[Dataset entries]
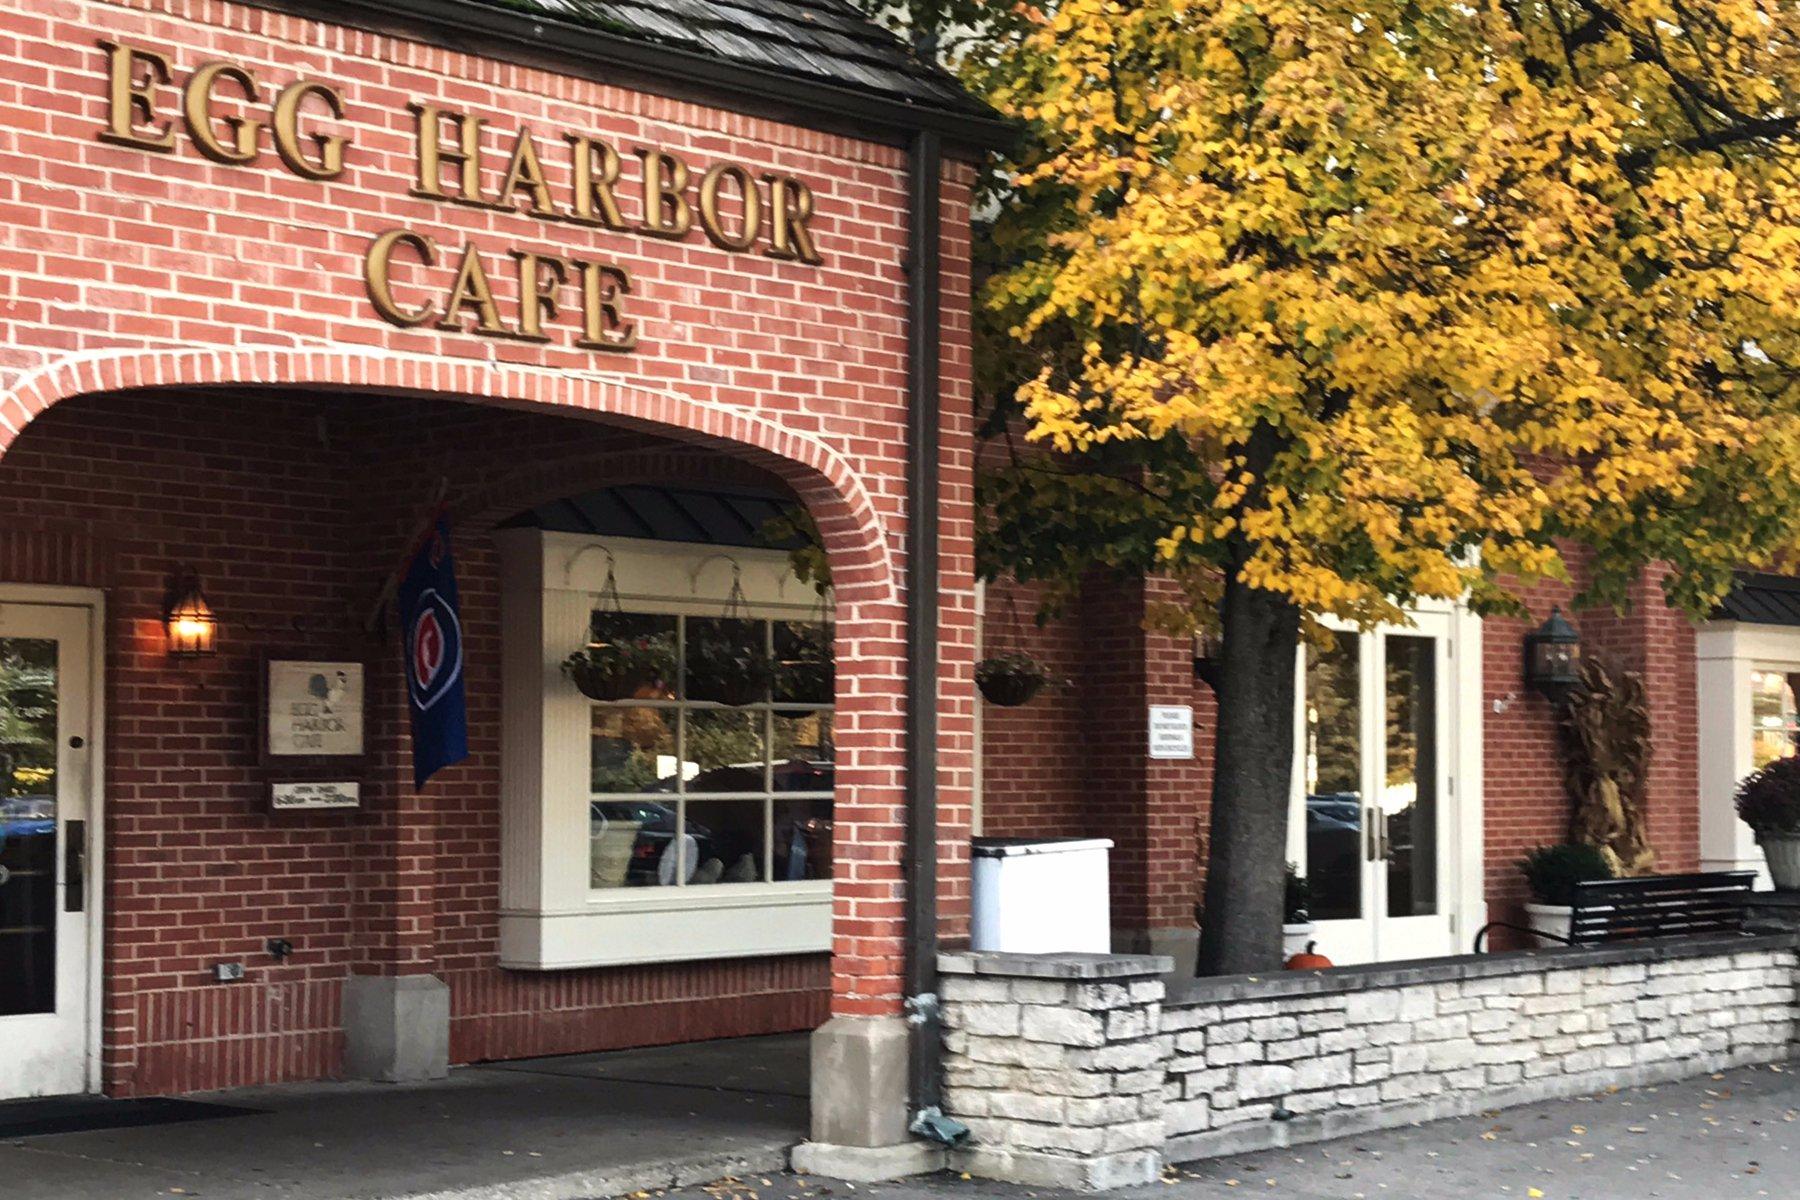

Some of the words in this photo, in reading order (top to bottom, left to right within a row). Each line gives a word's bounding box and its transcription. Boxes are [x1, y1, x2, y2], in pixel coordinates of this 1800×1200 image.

[96, 39, 352, 181] EGG
[406, 101, 825, 266] HARBOR
[365, 229, 639, 352] CAFE
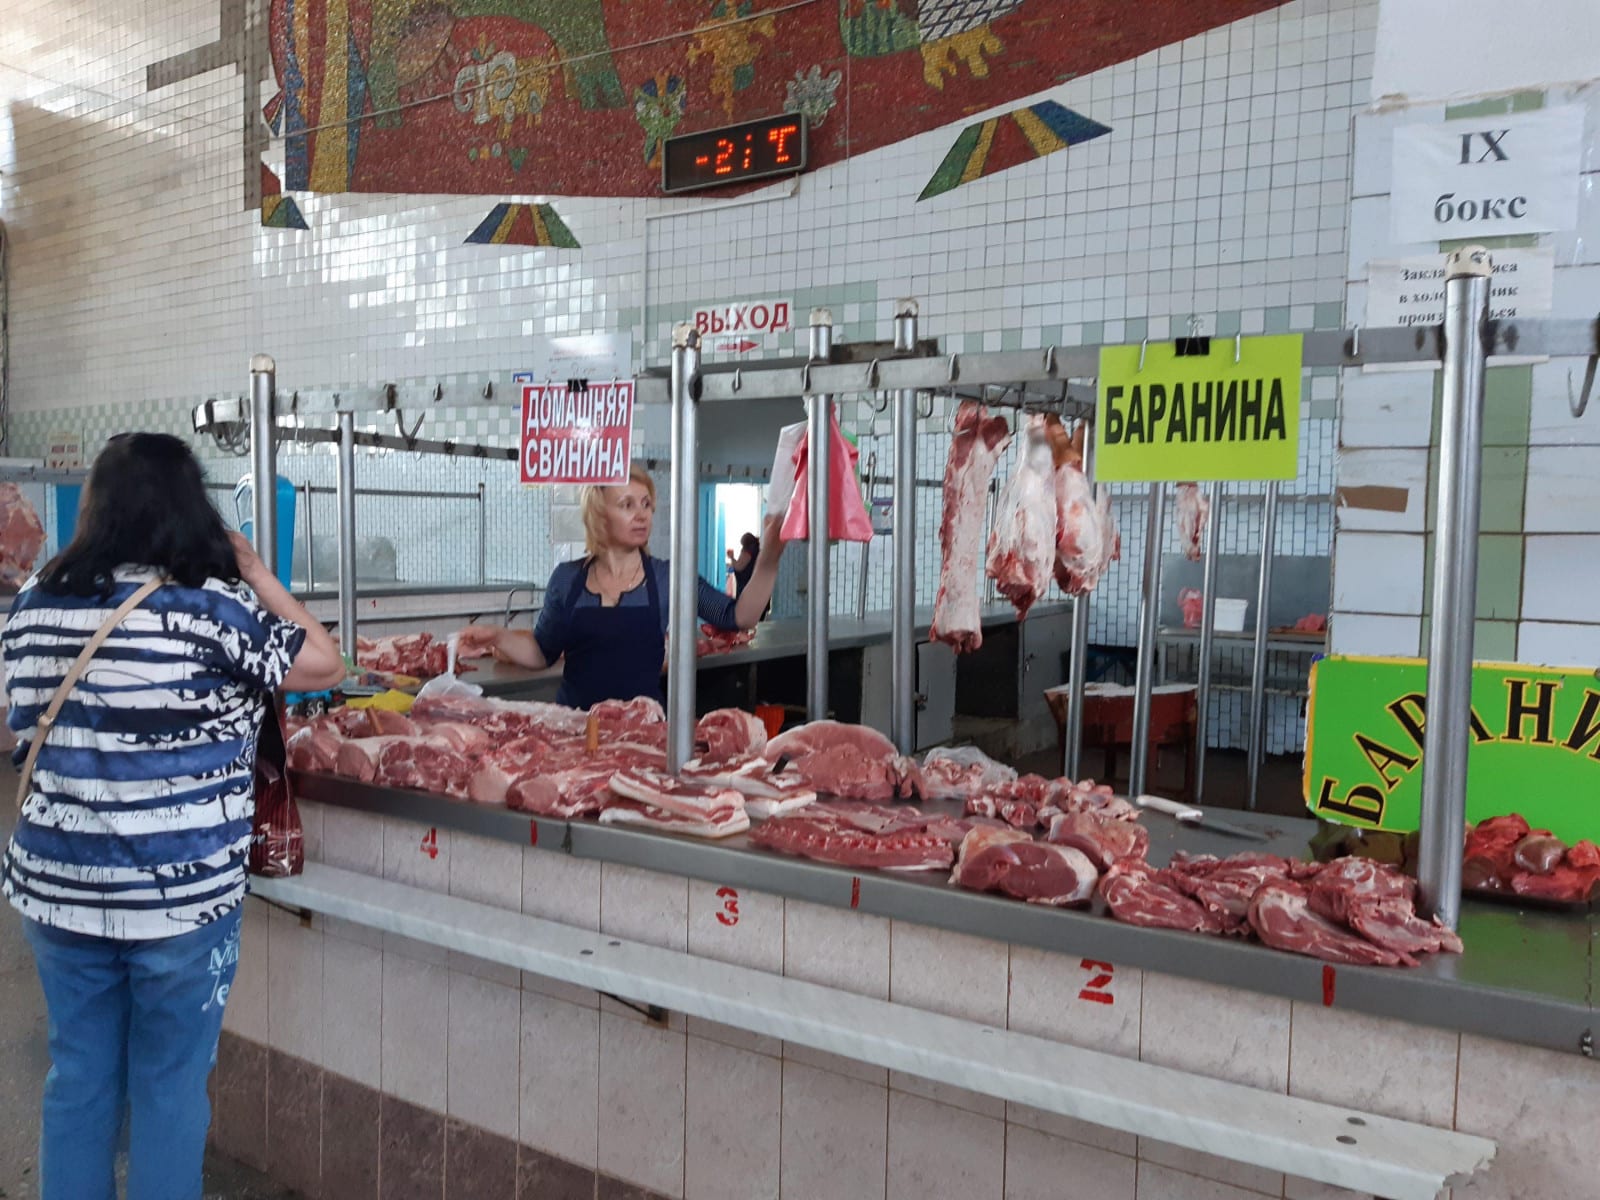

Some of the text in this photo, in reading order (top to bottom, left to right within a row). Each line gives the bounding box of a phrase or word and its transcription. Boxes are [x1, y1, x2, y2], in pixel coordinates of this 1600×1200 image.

[1458, 129, 1510, 165] IX
[1434, 193, 1528, 223] бокс
[695, 302, 789, 335] ВЫХОД
[526, 385, 629, 437] ДОМАШНЯЯ
[1105, 378, 1287, 445] БАРАНИНА
[525, 436, 625, 479] СВИНИНА
[420, 827, 439, 860] 4
[715, 886, 739, 927] 3
[1078, 957, 1115, 1005] 2

=== TRY IT ===
The lines beginning with the one that holds "Some of the text" and ending with the last line of the data above are to be reproduced exactly, and nothing else.

=== RESPONSE ===
Some of the text in this photo, in reading order (top to bottom, left to right within a row). Each line gives the bounding box of a phrase or word and its transcription. Boxes are [x1, y1, x2, y2], in pixel coordinates of this 1600×1200 image.

[1458, 129, 1510, 165] IX
[1434, 193, 1528, 223] бокс
[695, 302, 789, 335] ВЫХОД
[526, 385, 629, 437] ДОМАШНЯЯ
[1105, 378, 1287, 445] БАРАНИНА
[525, 436, 625, 479] СВИНИНА
[420, 827, 439, 860] 4
[715, 886, 739, 927] 3
[1078, 957, 1115, 1005] 2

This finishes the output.